26 may. 2012


Calcomanía

Bochornosa e innecesaria visita a una de las grandes obras maestras del cine de terror y suspense, La profecía. El encargado de ejecutar y llevar a cabo semejante broma, es el experimentado director de remakes y secuelas intrascendentes, John Moore (Max Payne, El vuelo del Fénix, La jungla: Un buen día para morir).


Como ya ocurrió con el lamentable remake de Psicosis, realizado por Gus Van Sant. Más que un remake, yo diría que es una copia literal de la soberbia y excepcional película de terror y suspense, dirigida por Richard Donner, La profecía.

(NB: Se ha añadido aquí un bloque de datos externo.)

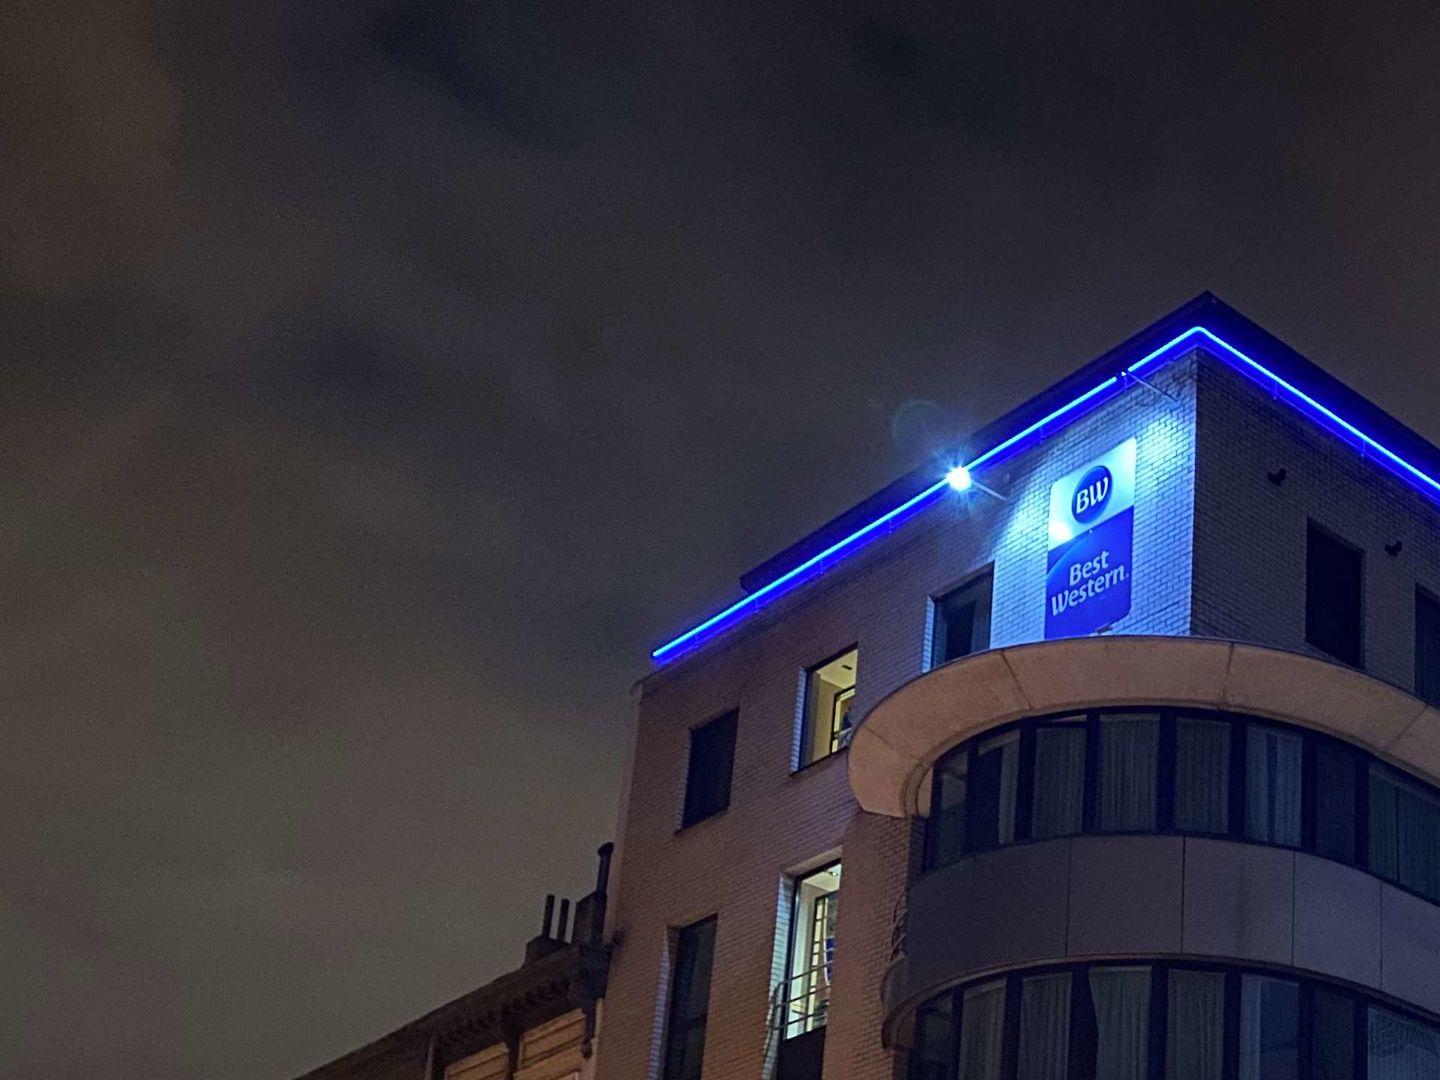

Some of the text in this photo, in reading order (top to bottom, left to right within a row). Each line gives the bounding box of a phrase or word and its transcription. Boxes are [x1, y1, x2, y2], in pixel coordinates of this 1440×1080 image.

[1075, 476, 1109, 514] BW
[1068, 549, 1109, 587] Best
[1050, 564, 1127, 617] Western

Las productoras a falta de ideas nuevas intentan explotar viejos éxitos, cayendo en el error de hacer copias baratas, sin alma. En esta nueva versión de La profecía, salvo algunos puntos nuevos introducidos como pesadillas de los personajes, no hay nada que resulte verdaderamente relevante o novedoso.


Es imposible no hacer comparaciones, cuando nos encontramos ante uno de los grandes iconos del cine de terror. El argumento es, en apariencia, sencillo, y los responsables de la película ofrecen un tratamiento elegante y cuidado de la imagen, dejando un pequeño relato que abusa de situaciones vistas con anterioridad en otras producciones.



La mirada del niño en la versión original es verdaderamente inquietante, lo cual resume lo que ocurre con esta nueva versión, donde es inevitable echar de menos la maravillosa banda sonora, ganadora del oscar y lo perversa y perturbadora que resultaba en todo su conjunto.


El director sabe crear la atmósfera de suspense y terror necesaria en secuencias puntuales, a base de jugar con la iluminación y el sonido, pero no logra ofrecer un argumento sostenible, que mantenga el interés por su desarrollo, cayendo en el empleo de trucos baratos de cine de terror, ya muy manidos.


Cuenta con una cuidada fotografía, buen tratamiento de la imagen y una banda sonora que encaja bien en las secuencias empleadas, pero después de tanta corrección y tanto cuidado visual, queda en un relato vacío e intrascendente.


La película alcanza un desenlace torpe, precipitado e irregular, que no aporta nada nuevo, dejando al espectador igual de vacío que el relato. Un producto endeble y carente de sustancia, que se ve con la facilidad que se olvida. El único aspecto positivo que veo a esta película, es que a lo mejor a alguien se le ocurre ver la original y descubrir algo verdaderamente bueno.